On conçoit bien que les humeurs qu’on a perdues se réparent, quant à la matiere, par les alimens, la boisson, & l’air ; mais quant aux qualités requises, cette opération s’exécute par le concours des actions naturelles du corps, dont l’exposition fait une des grandes & des belles parties de la Physiologie.

Fausses hypotheses sur la chylification. Comme par le détail qu’on vient de lire, tout ce qui arrive aux alimens depuis leur préparation dans la bouche jusqu’à leur derniere subtilisation, qui produit la nutrition des parties du corps humain, est une suite évidente de la fabrique & de l’action des vaisseaux, de la nature connue des humeurs, démontrée par des raisonnemens méchaniques ; falloit-il, pour en donner l’explication, avoir recours à des suppositions obscures ou douteuses, & également contraires à la raison & à l’expérience ? falloit-il enfanter tous ces systèmes extravagans en Medecine, si long-tems à la mode, & si justement méprisés aujourd’hui ? Je parle des systèmes de la chaleur coctrice du ventricule, de son acreté naturelle & vitale, de l’archée de Vanhelmont, de la bile alkaline qui change le chyle acide en alkalescent salé & volatil, d’une précipitation qui purifie le chyle, des fermentations, des effervescences du sang dans le ventricule droit, du nitre aérien qui le change en rouge dans le poumon ? que sai-je, d’une infinité d’autres hypotheses chimériques, qui pour comble de maux, ont eu une influence pernicieuse sur la pratique de leurs auteurs. Cet article est de M. le Chevalier de Jaucourt.

CHYLIFERE, adj. en Anatomie, se dit des vaisseaux qui portent le chyle, & qu’on nomme aussi chylidoques ou veines lactées. Voyez Chyle & Veines lactées.

CHYLOSE, s. f. en Medecine, l’action par laquelle les alimens se tournent en chyle ou chyme dans l’estomac, &c. soit que cela arrive par une fermentation qui se passe dans l’estomac, soit par la force de contraction de ce viscere, soit par ces deux moyens tout à la fois. Voyez Chylification & Digestion. (L)

CHYME, s. m. (Anat. Physiolog.) suc animal qui est le même que celui qu’on appelle ordinairement chyle. Voyez Chyle.
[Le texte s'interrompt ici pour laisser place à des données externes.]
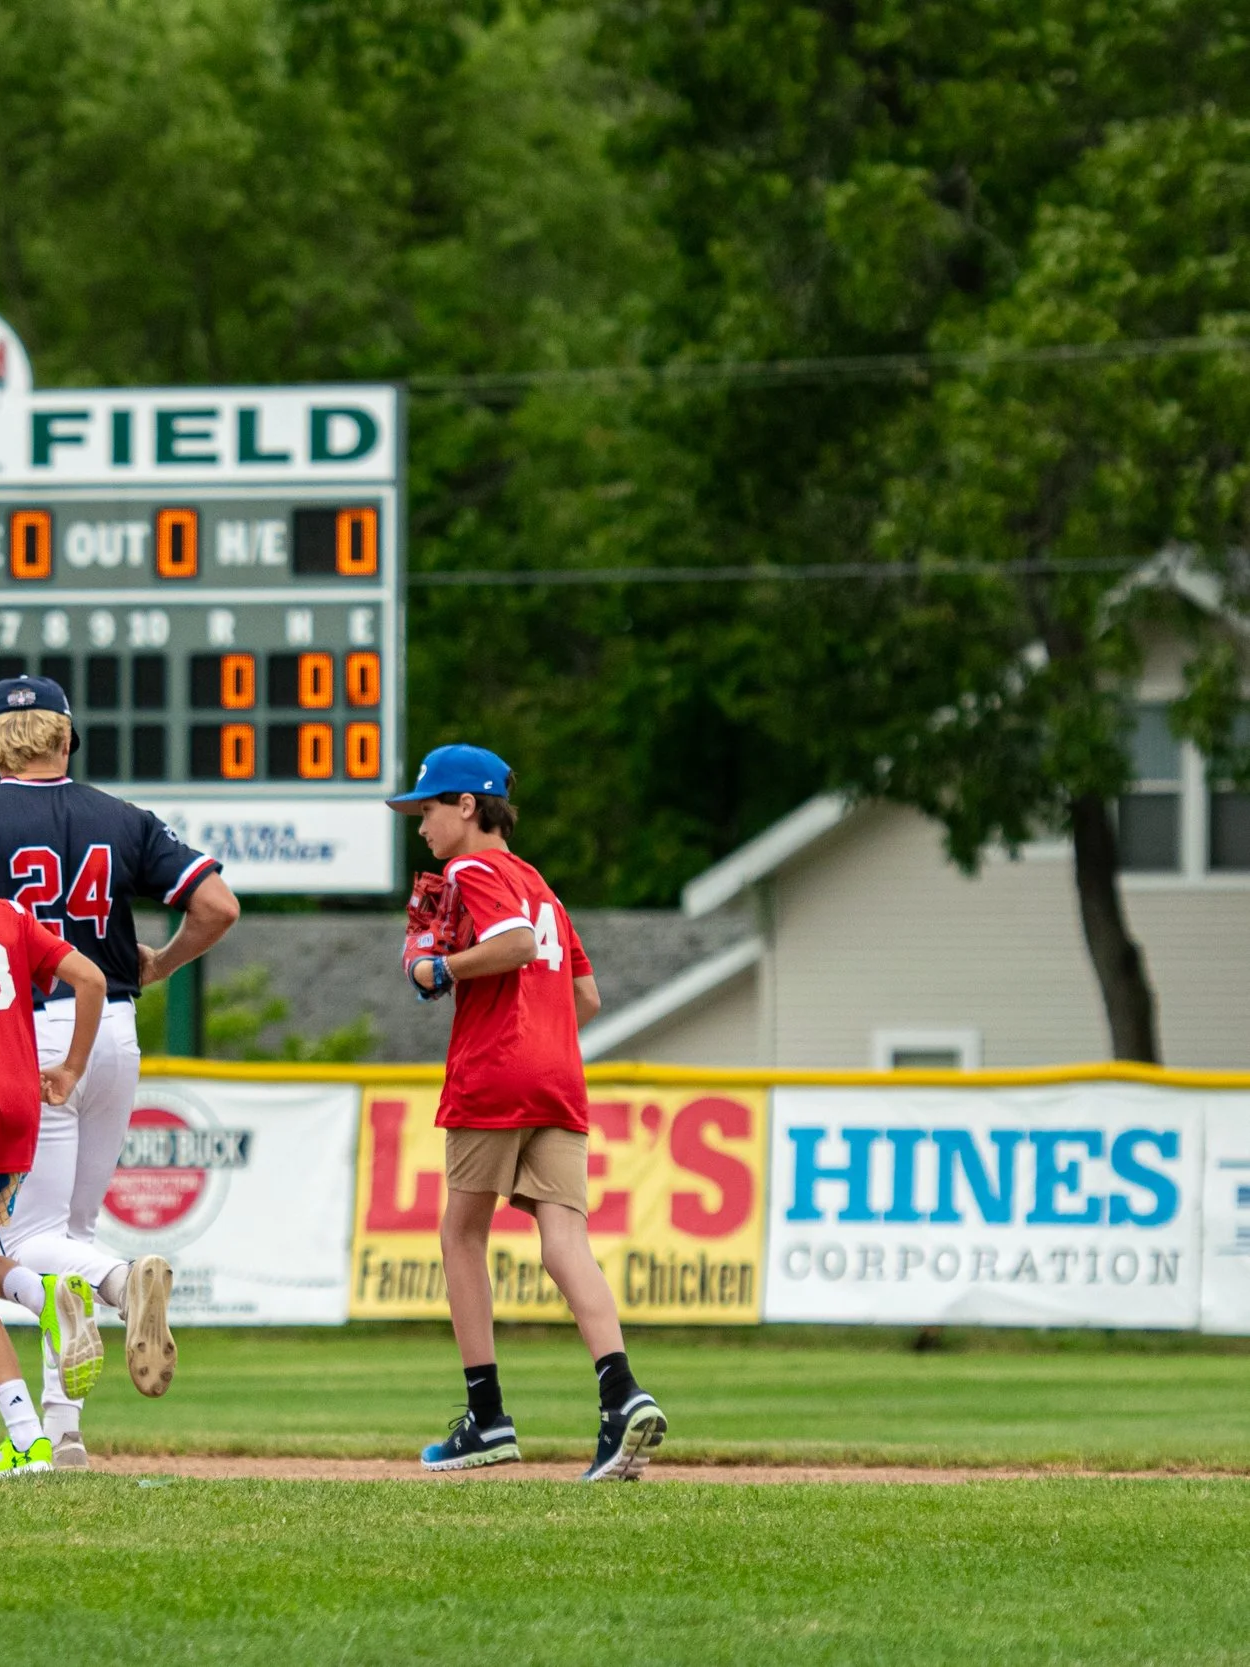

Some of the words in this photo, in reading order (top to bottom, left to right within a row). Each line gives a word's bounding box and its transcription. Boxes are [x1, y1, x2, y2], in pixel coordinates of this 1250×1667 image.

Il y a cependant des auteurs qui distinguent entre le chyme & le chyle, & qui restreignent le mot chyme à signifier la masse de nourriture telle qu’elle est dans l’estomac, avant qu’elle soit assez attenuée & liquéfiée pour pouvoir franchir le pylore, passer dans le duodenum, & de là dans les veines lactées, pour s’y dissoudre davantage & s’y impregner du suc pancréatique ; après quoi elle commence à être dans l’état de chyle. D’autres prétendent tout le contraire.

CHYMIE ou CHIMIE, s. f. (Ord. encyc. Entend. Raison. Philos. ou Science. Science de la nat. Physique. Physiq. générale. Physiq. particul. ou des grands corps & des petits corps. Physiq. des petits corps ou Chimie.) La Chimie est peu cultivée parmi nous ; cette science n’est que très-médiocrement répandue, même parmi les savans, malgré la prétention à l’universalité de connoissances qui fait aujourd’hui le goût dominant. Les Chimistes forment encore un peuple distinct, très-peu nombreux, ayant sa langue, ses lois, ses mysteres, & vivant presque isolé au milieu d’un grand peuple peu curieux de son commerce n’attendant presque rien de son industrie. Cette incuriosité, soit réelle, soit simulée, est toûjours

peu philosophique, puisqu’elle porte tout-au-plus sur un jugement hasardé ; car il est au moins possible de se tromper quand on prononce sur des objets qu’on ne connoît que superficiellement. Or comme il est précisément arrivé qu’on s’est trompé, & même qu’on a conçu plus d’un préjugé sur la nature & l’étendue des connoissances chimiques, ce ne sera pas une affaire aisée & de légere discussion, que de déterminer d’une maniere incontestable & précise ce que c’est que la Chimie.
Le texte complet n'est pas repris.